**** GIVEN INFORMATION ****

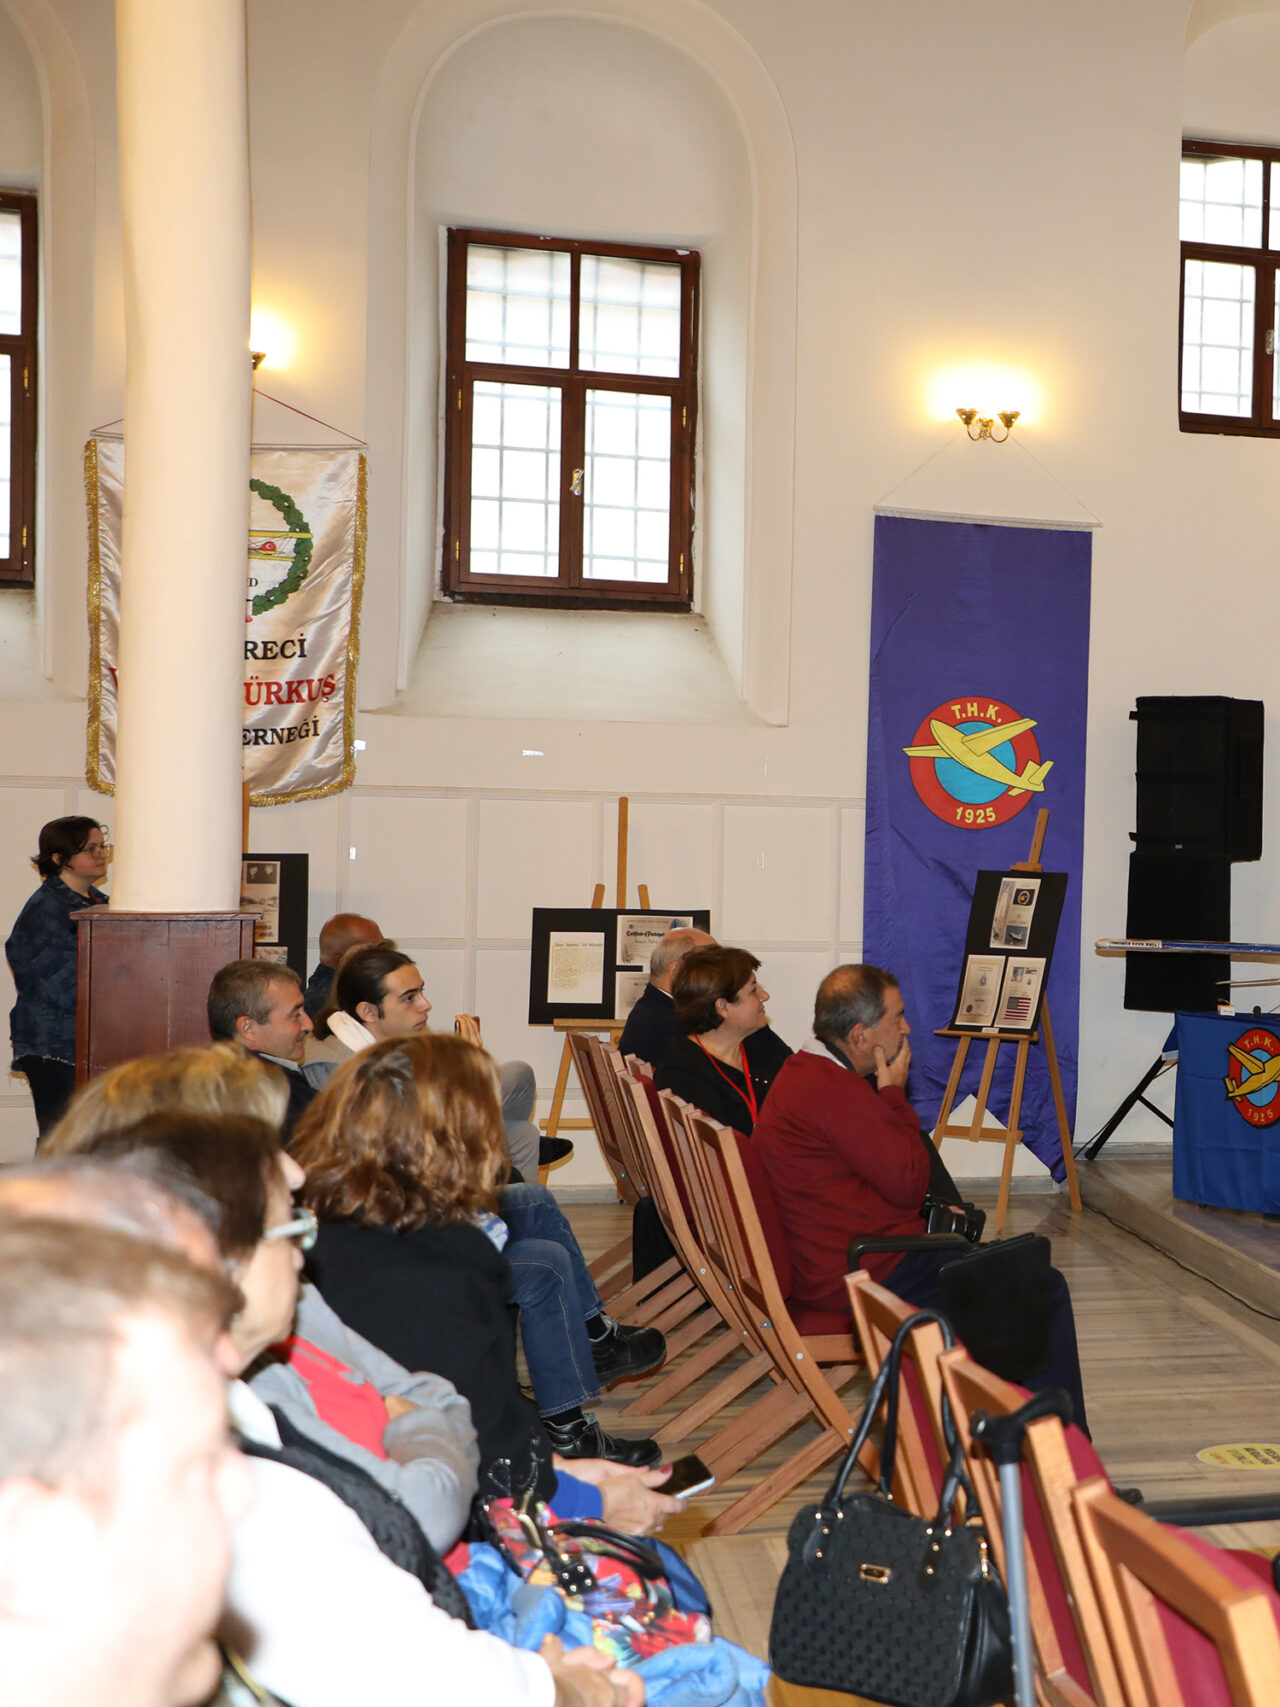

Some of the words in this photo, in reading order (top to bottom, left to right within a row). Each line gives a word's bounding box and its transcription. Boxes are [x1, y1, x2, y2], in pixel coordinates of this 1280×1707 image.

[244, 633, 307, 659] RECİ
[244, 673, 336, 706] ÜRKUŞ
[242, 716, 320, 746] ERNEĞİ
[955, 806, 996, 824] 1925
[1247, 1108, 1274, 1122] 1925
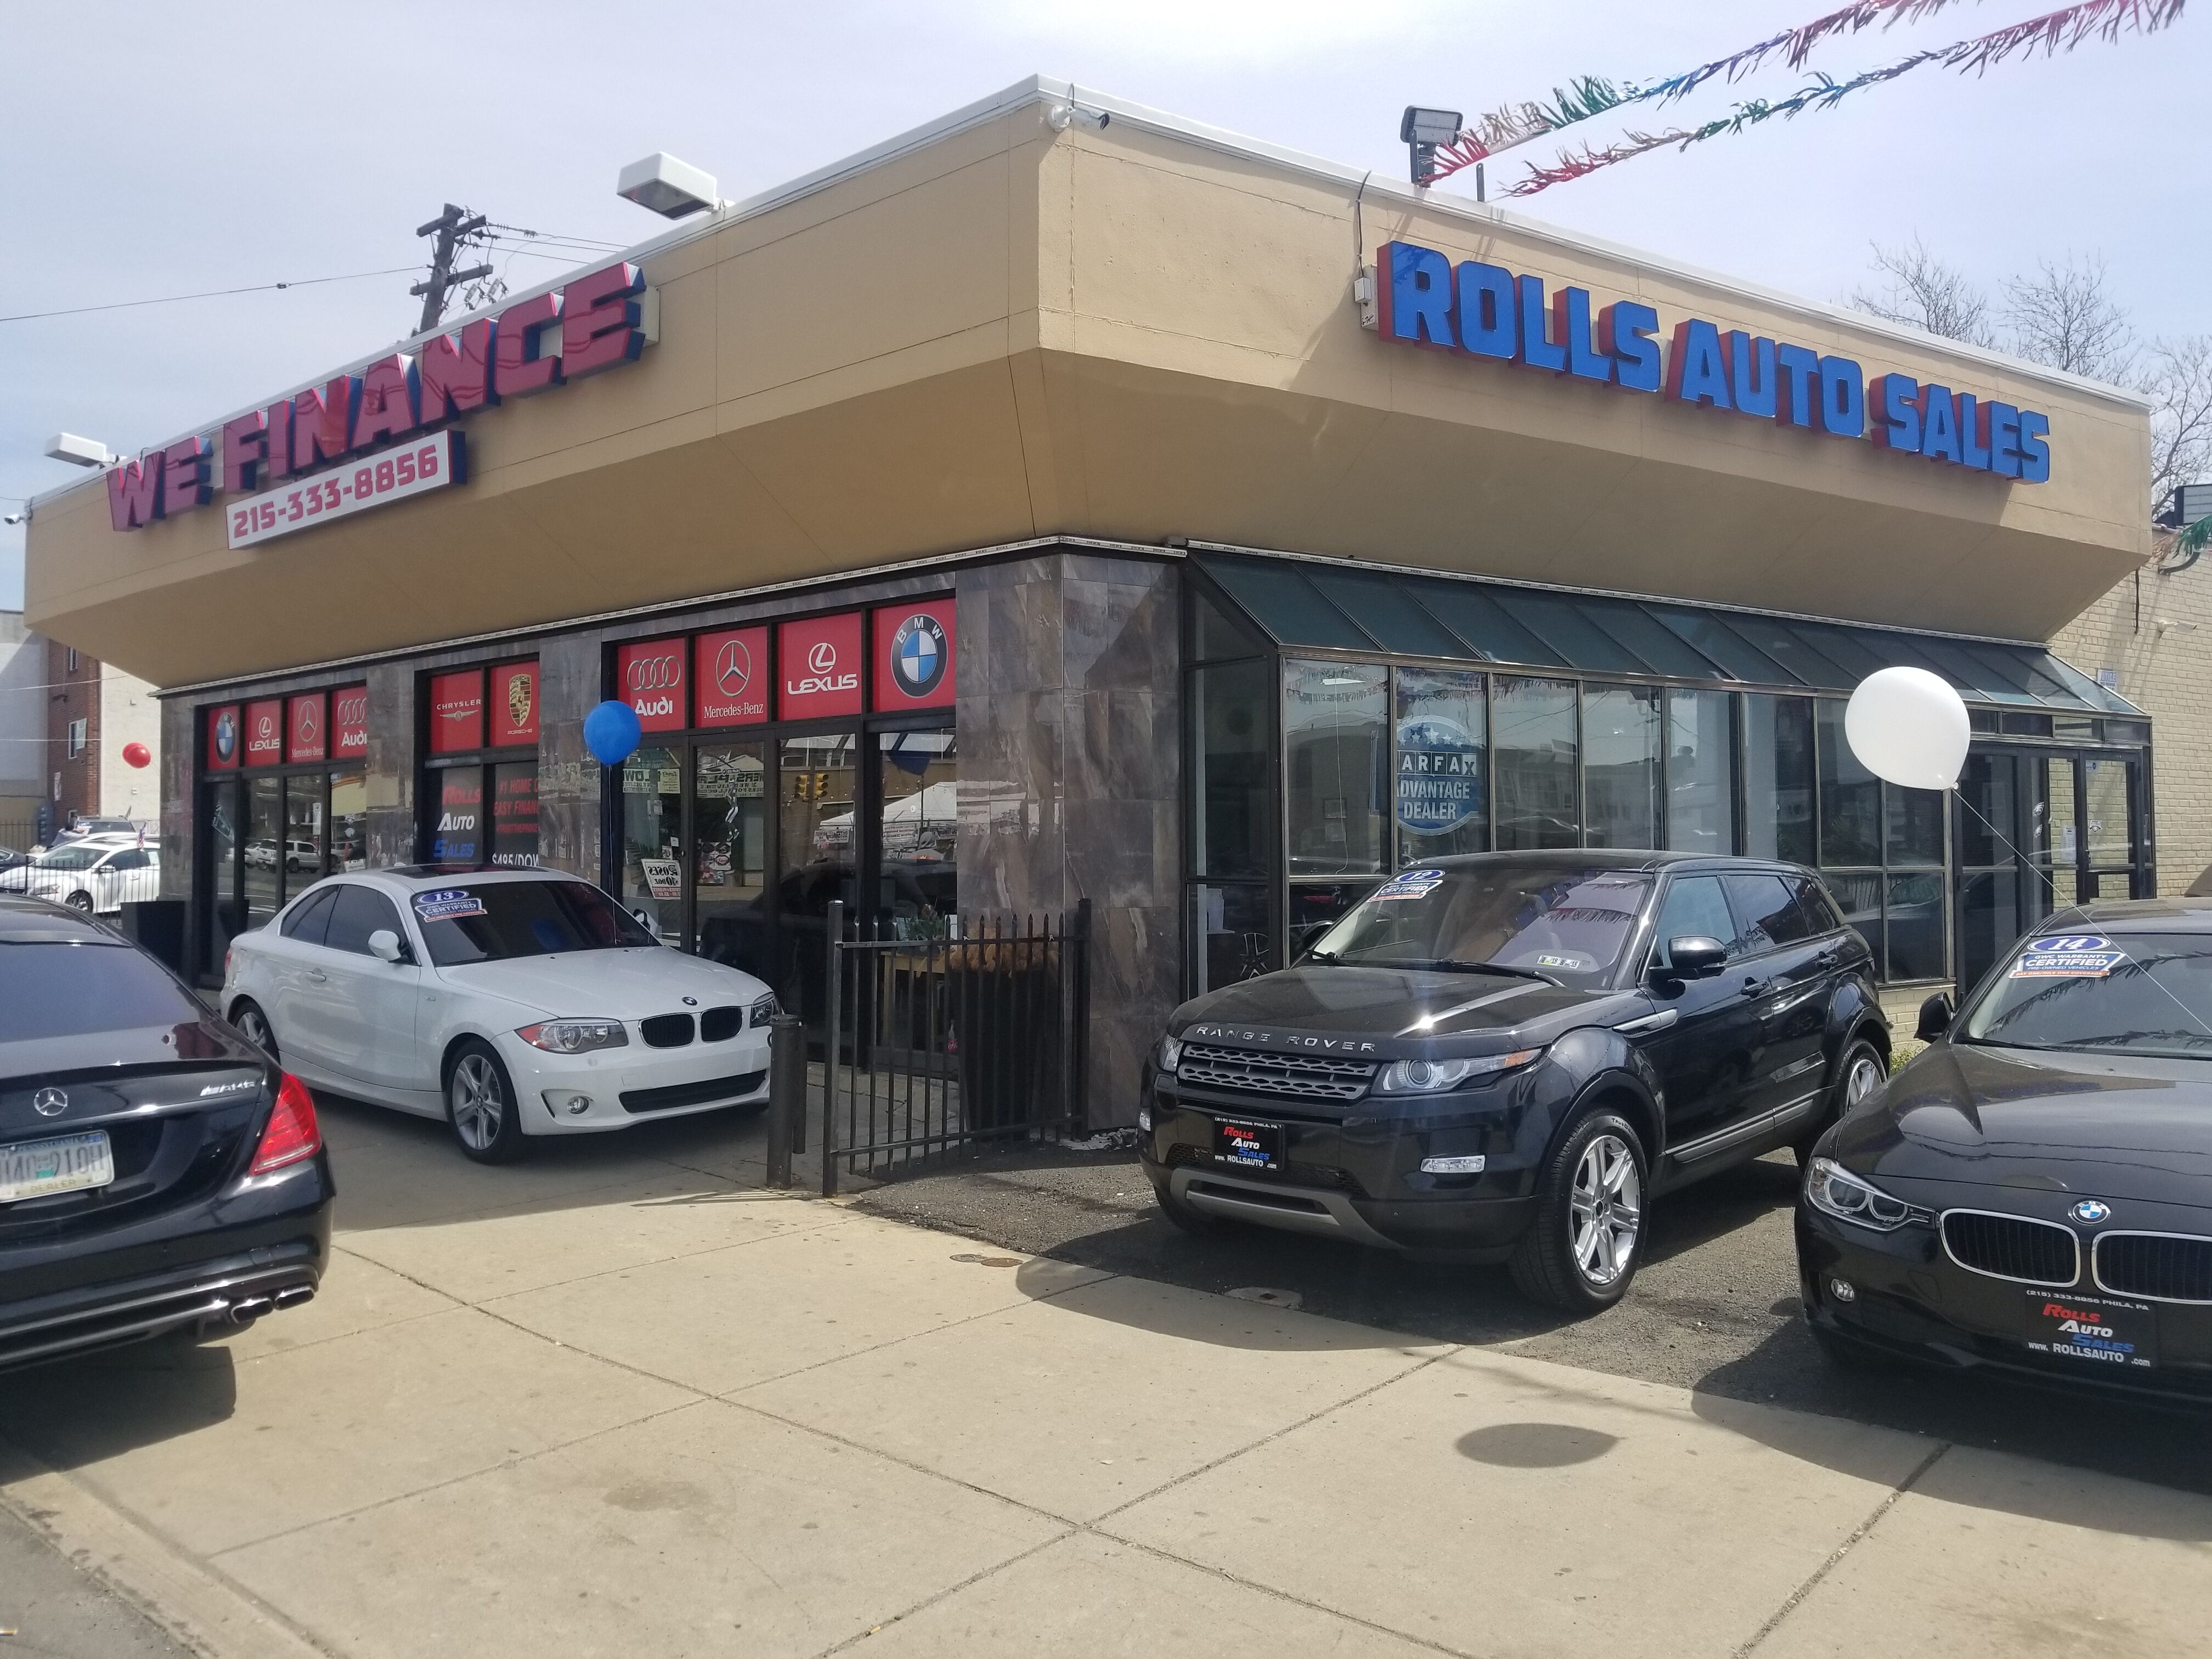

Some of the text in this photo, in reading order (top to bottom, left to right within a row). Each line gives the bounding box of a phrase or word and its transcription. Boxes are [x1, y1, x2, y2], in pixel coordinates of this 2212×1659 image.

[1380, 240, 2050, 484] ROLLS AUTO SALES
[106, 261, 643, 532] WE FINANCE
[233, 444, 438, 539] 215-333-8856
[897, 617, 943, 644] BMW
[787, 673, 857, 695] LEXUS
[437, 699, 481, 710] CHRYSLER
[635, 696, 673, 716] Audi
[704, 702, 764, 719] Mercedes-Benz
[249, 738, 280, 752] LEXUS
[291, 746, 324, 759] Mercedes-Benz
[1401, 754, 1476, 776] ARFAX
[514, 800, 539, 815] FINAN
[1404, 802, 1457, 820] DEALER
[437, 812, 475, 831] AUTO
[433, 839, 475, 857] SALES
[435, 891, 454, 901] 13
[1381, 885, 1429, 894] CERTIFIED
[425, 904, 477, 914] CERTIFIED
[2048, 938, 2089, 950] 14
[1197, 1026, 1376, 1052] RANGE ROVER
[1223, 1126, 1255, 1139] ROLLS
[1231, 1137, 1260, 1149] AUTO
[1227, 1155, 1263, 1167] ROLLSAUTO
[1238, 1147, 1271, 1160] SALES
[2027, 1290, 2051, 1298] (215)
[2053, 1293, 2100, 1304] 333-8856
[2042, 1302, 2101, 1323] ROLLS
[2058, 1319, 2113, 1338] AUTO
[2072, 1334, 2134, 1353] SALES
[2053, 1342, 2124, 1363] ROLLSAUTO
[2131, 1358, 2151, 1367] .com

****

* YOUR OBJECTIVE
Each record must be set down again without alteration, and no picture may be carried over.

* EXERCISE SOLUTION
Some of the words in this photo, in reading order (top to bottom, left to right within a row). Each line gives a word's bounding box and its transcription. Boxes are [x1, y1, x2, y2], in pixel coordinates of this 1280×1707 image.

[244, 633, 307, 659] RECİ
[244, 673, 336, 706] ÜRKUŞ
[242, 716, 320, 746] ERNEĞİ
[955, 806, 996, 824] 1925
[1247, 1108, 1274, 1122] 1925

Some of the text in this photo, in reading order (top to bottom, left to right within a row). Each line gives the bounding box of a phrase or word and its transcription. Boxes are [x1, y1, x2, y2], in pixel coordinates of this 2212×1659 image.

[1380, 240, 2050, 484] ROLLS AUTO SALES
[106, 261, 643, 532] WE FINANCE
[233, 444, 438, 539] 215-333-8856
[897, 617, 943, 644] BMW
[787, 673, 857, 695] LEXUS
[437, 699, 481, 710] CHRYSLER
[635, 696, 673, 716] Audi
[704, 702, 764, 719] Mercedes-Benz
[249, 738, 280, 752] LEXUS
[291, 746, 324, 759] Mercedes-Benz
[1401, 754, 1476, 776] ARFAX
[514, 800, 539, 815] FINAN
[1404, 802, 1457, 820] DEALER
[437, 812, 475, 831] AUTO
[433, 839, 475, 857] SALES
[435, 891, 454, 901] 13
[1381, 885, 1429, 894] CERTIFIED
[425, 904, 477, 914] CERTIFIED
[2048, 938, 2089, 950] 14
[1197, 1026, 1376, 1052] RANGE ROVER
[1223, 1126, 1255, 1139] ROLLS
[1231, 1137, 1260, 1149] AUTO
[1227, 1155, 1263, 1167] ROLLSAUTO
[1238, 1147, 1271, 1160] SALES
[2027, 1290, 2051, 1298] (215)
[2053, 1293, 2100, 1304] 333-8856
[2042, 1302, 2101, 1323] ROLLS
[2058, 1319, 2113, 1338] AUTO
[2072, 1334, 2134, 1353] SALES
[2053, 1342, 2124, 1363] ROLLSAUTO
[2131, 1358, 2151, 1367] .com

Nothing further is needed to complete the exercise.